The answer is to consist only of an exact retyping of the lines from the one containing "Some of the words" to the end of the entries, without pictures.
↓
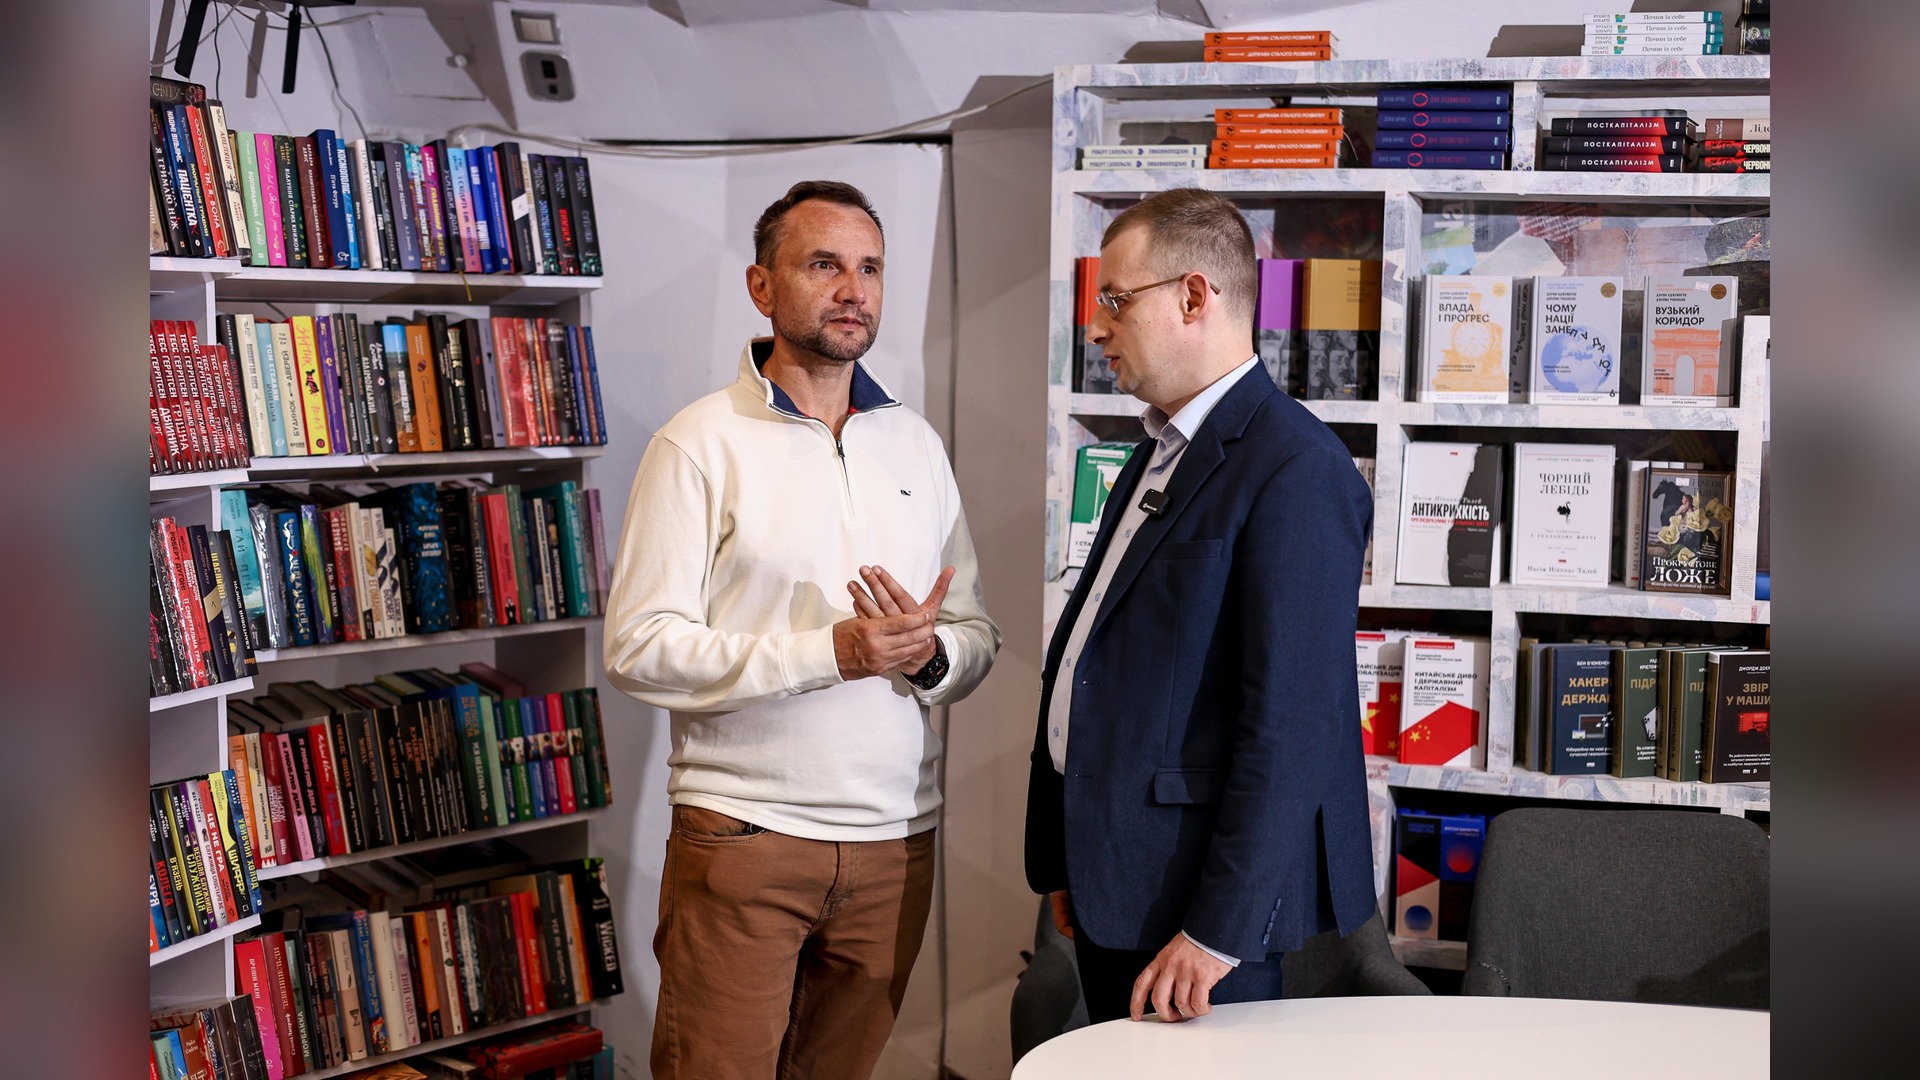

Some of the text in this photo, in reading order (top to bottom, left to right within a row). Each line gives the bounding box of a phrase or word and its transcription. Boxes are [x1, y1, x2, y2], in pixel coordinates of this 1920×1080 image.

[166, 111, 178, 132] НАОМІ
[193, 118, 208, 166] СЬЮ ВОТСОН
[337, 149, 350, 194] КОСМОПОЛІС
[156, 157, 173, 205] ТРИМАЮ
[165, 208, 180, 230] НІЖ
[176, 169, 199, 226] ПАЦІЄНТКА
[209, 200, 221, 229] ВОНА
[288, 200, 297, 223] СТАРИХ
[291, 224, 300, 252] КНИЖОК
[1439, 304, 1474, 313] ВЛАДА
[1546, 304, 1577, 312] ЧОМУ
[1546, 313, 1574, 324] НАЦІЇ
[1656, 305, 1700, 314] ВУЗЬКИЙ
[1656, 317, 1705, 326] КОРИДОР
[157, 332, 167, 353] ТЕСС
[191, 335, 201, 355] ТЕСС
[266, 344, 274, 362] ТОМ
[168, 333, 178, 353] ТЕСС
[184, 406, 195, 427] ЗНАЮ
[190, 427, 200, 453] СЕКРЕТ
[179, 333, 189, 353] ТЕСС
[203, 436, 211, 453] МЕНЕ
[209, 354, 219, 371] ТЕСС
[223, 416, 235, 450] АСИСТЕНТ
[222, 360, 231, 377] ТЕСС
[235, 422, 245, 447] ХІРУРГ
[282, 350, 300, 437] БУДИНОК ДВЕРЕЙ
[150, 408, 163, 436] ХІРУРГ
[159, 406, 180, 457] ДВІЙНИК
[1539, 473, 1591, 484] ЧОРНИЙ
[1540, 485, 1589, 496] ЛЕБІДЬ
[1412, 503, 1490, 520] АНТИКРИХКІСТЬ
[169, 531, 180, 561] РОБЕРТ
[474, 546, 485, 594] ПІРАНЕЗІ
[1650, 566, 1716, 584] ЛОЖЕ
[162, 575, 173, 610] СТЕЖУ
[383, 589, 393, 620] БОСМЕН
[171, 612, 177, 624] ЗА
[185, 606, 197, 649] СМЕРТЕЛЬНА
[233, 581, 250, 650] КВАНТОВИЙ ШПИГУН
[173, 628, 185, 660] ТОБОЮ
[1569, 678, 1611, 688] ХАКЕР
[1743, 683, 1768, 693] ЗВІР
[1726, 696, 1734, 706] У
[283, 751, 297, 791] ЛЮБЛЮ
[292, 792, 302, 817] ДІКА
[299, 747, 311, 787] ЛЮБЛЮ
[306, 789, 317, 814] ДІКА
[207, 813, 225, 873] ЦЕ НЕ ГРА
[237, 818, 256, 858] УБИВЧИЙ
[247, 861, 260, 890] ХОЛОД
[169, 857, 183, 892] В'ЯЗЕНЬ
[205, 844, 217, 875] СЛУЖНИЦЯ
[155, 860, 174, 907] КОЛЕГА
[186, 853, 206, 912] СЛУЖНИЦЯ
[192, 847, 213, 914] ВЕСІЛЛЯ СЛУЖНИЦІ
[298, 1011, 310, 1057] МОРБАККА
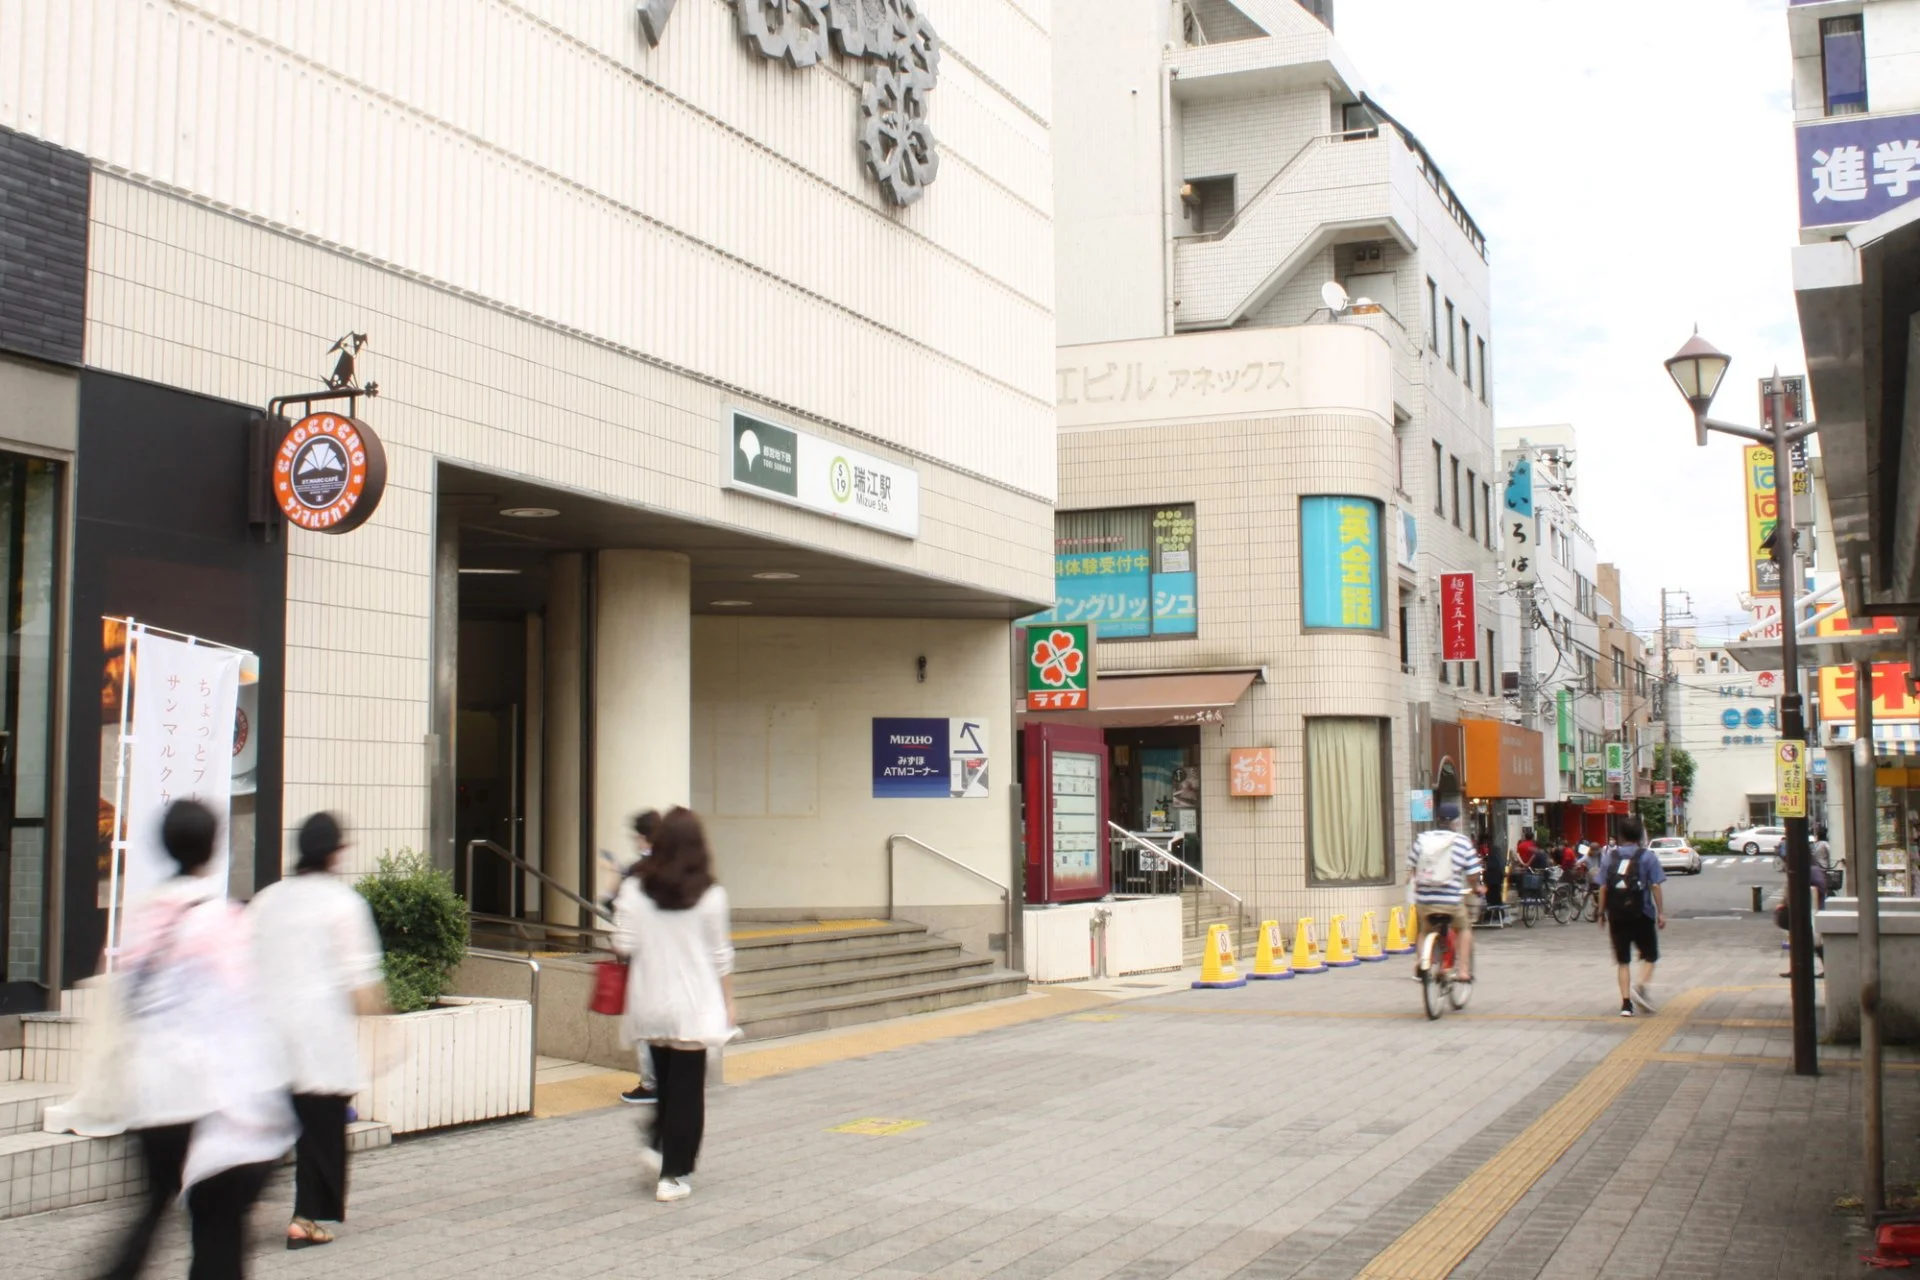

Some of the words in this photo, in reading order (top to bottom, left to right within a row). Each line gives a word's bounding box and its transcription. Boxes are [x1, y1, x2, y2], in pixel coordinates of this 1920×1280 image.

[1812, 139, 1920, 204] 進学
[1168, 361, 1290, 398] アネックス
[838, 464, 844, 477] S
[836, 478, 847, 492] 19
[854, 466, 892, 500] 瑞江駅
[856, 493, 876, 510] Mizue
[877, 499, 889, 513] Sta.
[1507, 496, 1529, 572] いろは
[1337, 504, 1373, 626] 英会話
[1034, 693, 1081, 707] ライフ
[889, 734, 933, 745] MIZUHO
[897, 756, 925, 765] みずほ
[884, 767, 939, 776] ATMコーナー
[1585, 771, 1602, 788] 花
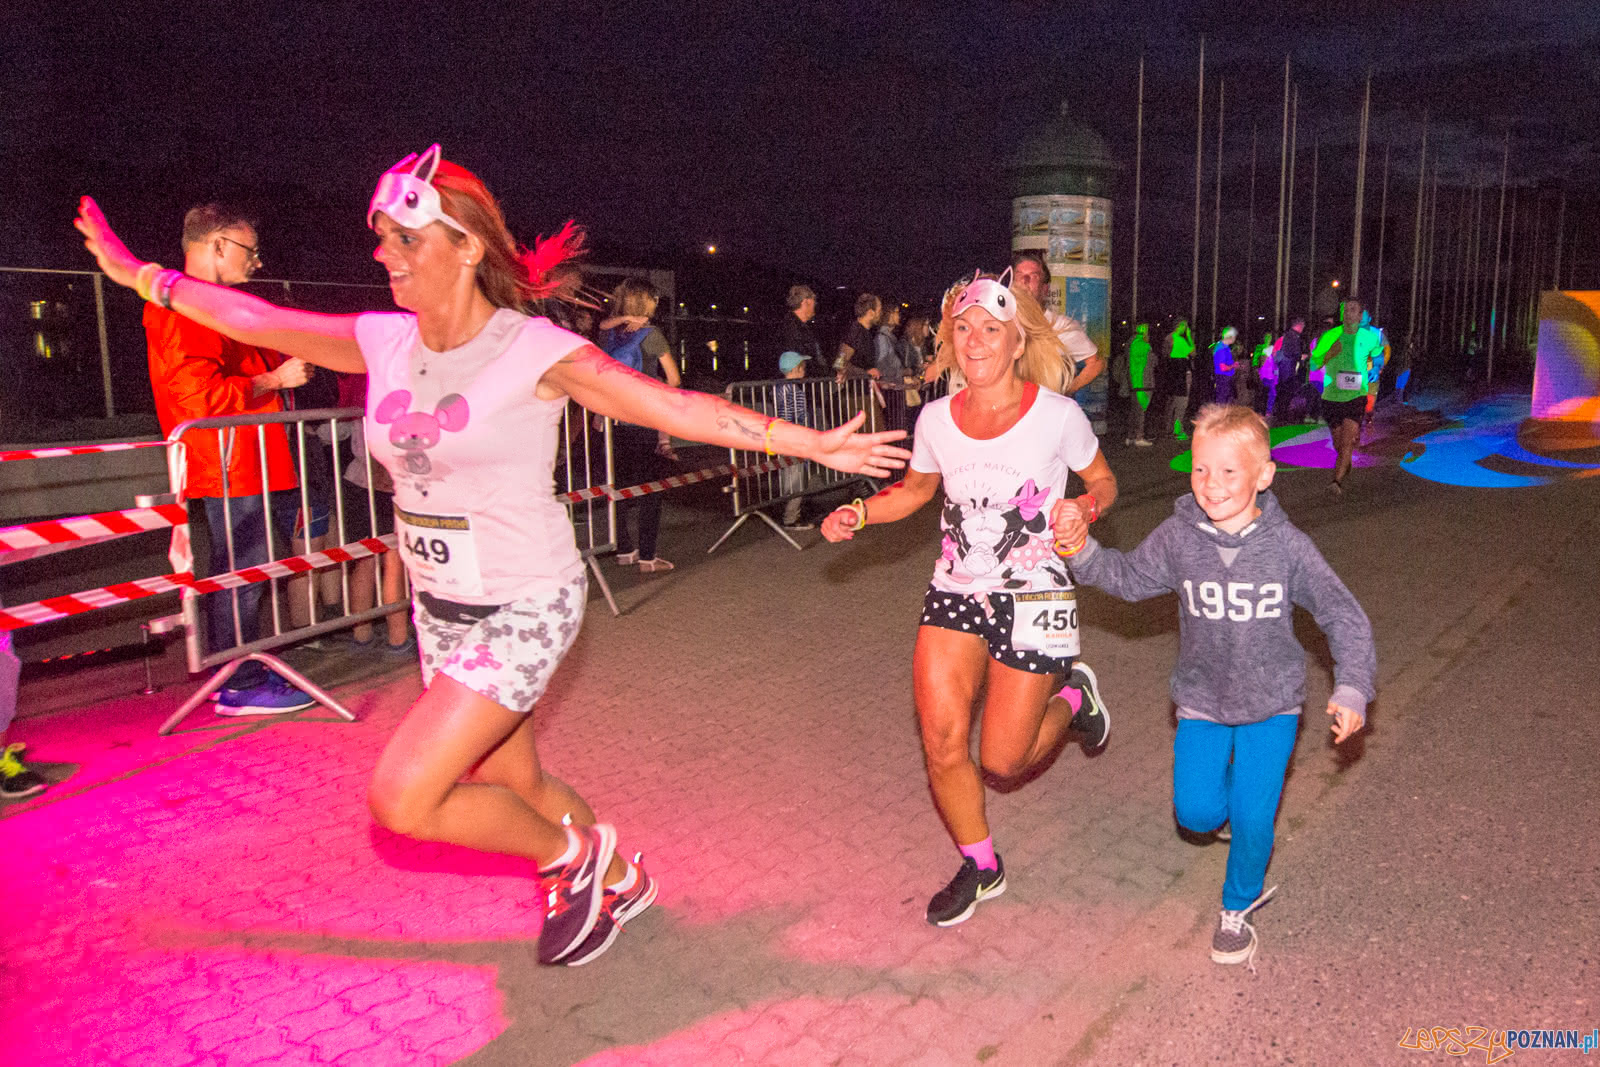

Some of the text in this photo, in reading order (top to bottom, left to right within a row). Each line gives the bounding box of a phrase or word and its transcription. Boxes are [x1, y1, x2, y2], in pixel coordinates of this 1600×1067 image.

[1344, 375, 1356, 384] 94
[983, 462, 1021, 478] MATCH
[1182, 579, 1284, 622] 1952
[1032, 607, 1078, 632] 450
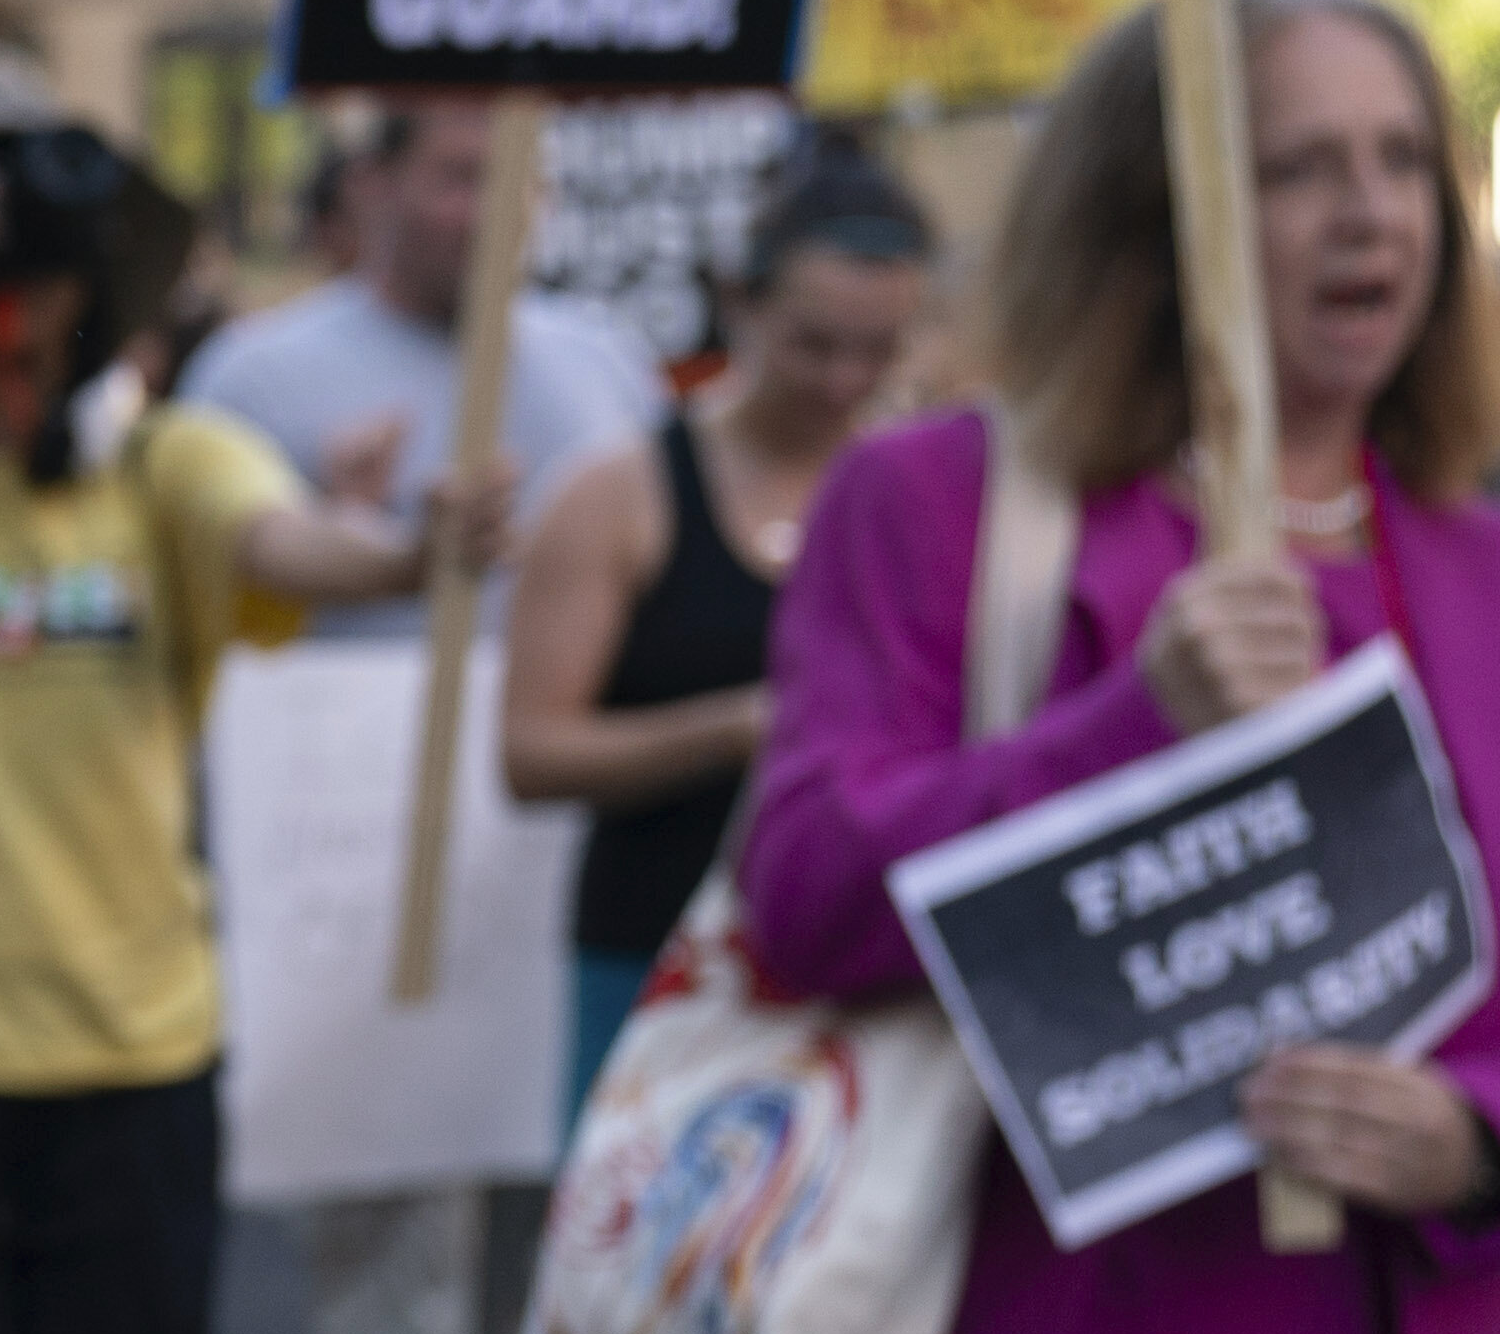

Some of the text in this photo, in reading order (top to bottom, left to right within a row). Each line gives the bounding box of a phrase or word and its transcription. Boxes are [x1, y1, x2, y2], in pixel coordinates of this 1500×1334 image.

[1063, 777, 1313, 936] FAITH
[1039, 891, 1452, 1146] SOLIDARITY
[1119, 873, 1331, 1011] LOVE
↑
## Result of this task:
Some of the words in this photo, in reading order (top to bottom, left to right within a row). Each line gives a word's bounding box and its transcription. Boxes are [x1, y1, x2, y2], in pixel coordinates of this 1920×1280 image.

[1812, 139, 1920, 204] 進学
[1168, 361, 1290, 398] アネックス
[838, 464, 844, 477] S
[836, 478, 847, 492] 19
[854, 466, 892, 500] 瑞江駅
[856, 493, 876, 510] Mizue
[877, 499, 889, 513] Sta.
[1507, 496, 1529, 572] いろは
[1337, 504, 1373, 626] 英会話
[1034, 693, 1081, 707] ライフ
[889, 734, 933, 745] MIZUHO
[897, 756, 925, 765] みずほ
[884, 767, 939, 776] ATMコーナー
[1585, 771, 1602, 788] 花

Some of the text in this photo, in reading order (top to bottom, left to right within a row). Each line gives the bounding box of a phrase or word and its transcription. Boxes are [x1, y1, x2, y2], in pixel coordinates of this 1600×1067 image.

[1344, 375, 1356, 384] 94
[983, 462, 1021, 478] MATCH
[1182, 579, 1284, 622] 1952
[1032, 607, 1078, 632] 450

Some of the text in this photo, in reading order (top to bottom, left to right within a row). Each line gives the bounding box of a phrase or word and its transcription. Boxes are [x1, y1, x2, y2], in pixel coordinates of this 1500×1334 image.

[1063, 777, 1313, 936] FAITH
[1039, 891, 1452, 1146] SOLIDARITY
[1119, 873, 1331, 1011] LOVE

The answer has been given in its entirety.